As a governess for the Bloomfield children, Agnes works under difficult conditions, which mainly consist of a lack of respect between employer and employee and understands then and there, what being a governess is really all about. Forced to cope with personal isolation, Agnes begins by reaching out to God as her divine source of inspiration. Agnes's employers constantly criticize her ability to function as a governess, yet Agnes remains "confident that she will be able to alter the [Bloomfield] children's personalities and reform their characters" (Frawley 94). Despite her failures, Agnes maintains self-control in times of difficulty. She says: "I thought, if I could struggle on with unremitting firmness and integrity, the children would in time become more humanized" (Agnes Grey 27).
The abjection Agnes feels in the Bloomfield household, results in her increasing opportunities for seeking a sense of self and begins a journey for understanding who she is. It is as if she wants to prove something to her family and the female community in particular, in showing how her independence is reflective of her self-awareness. Agnes understands that "[family's] pattern[s] of thought - patterns that [initially] den[ied] her an independence [which] result in her seeing hserlf as somehow less fully developed and able to act on her own" (Frawley 91).

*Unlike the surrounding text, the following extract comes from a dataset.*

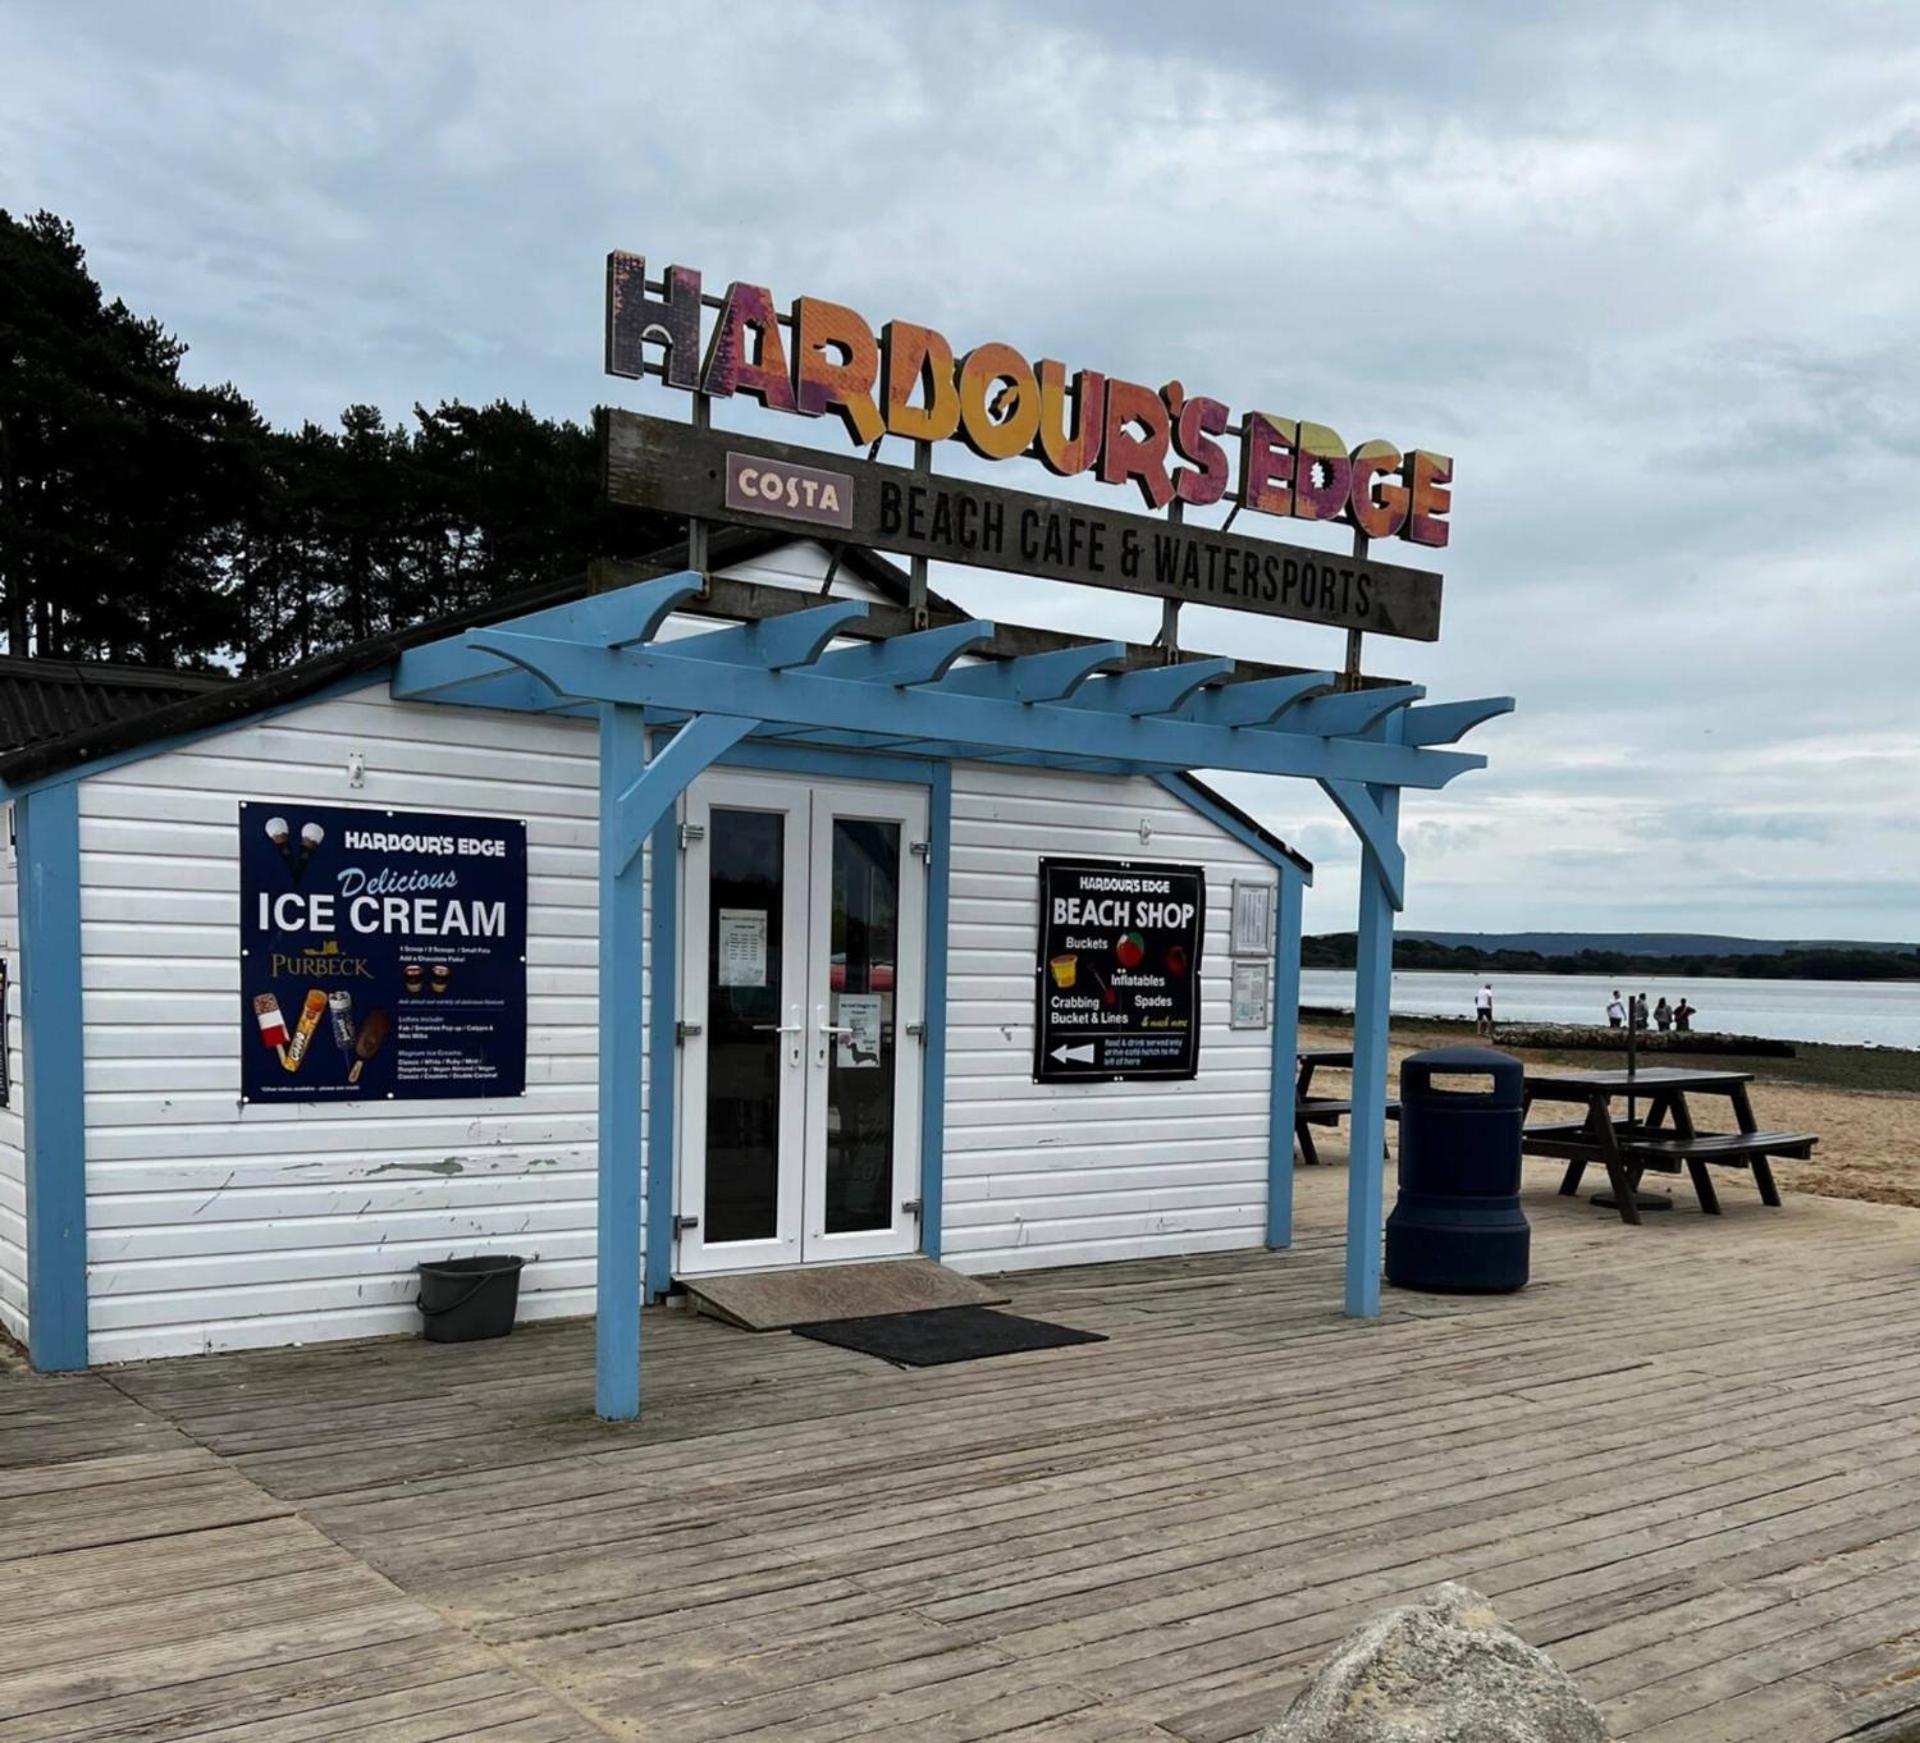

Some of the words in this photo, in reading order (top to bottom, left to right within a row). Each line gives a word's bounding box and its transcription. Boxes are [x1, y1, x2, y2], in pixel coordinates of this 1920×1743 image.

Through a deeper introspection and regulation of her behavior, Agnes establishes the self-esteem sufficient to challenge the turbulent forces of the public world. This drive to define her own independent self can be seen in the following quote:
I longed to show my friends that, even now, I was competent to understand the charge, and able to acquit myself honourably to the end; and if ever i felt it degrading to submit so quietly, or intolerable to toil so constantly, I would turn towards my home, and say within myself-they may crush, but they shall not subdue me! 'Tis of thee that I think, not of them. (Agnes Grey 27-28)
Works Cited
Bronte, Anne. Agnes Grey. London: J.M. Dent and Sons, 1982.
Frawley Maria. Anne Bronte. Ed. Herbert Sussman. Simon and Schuster, Macmillan, 1996.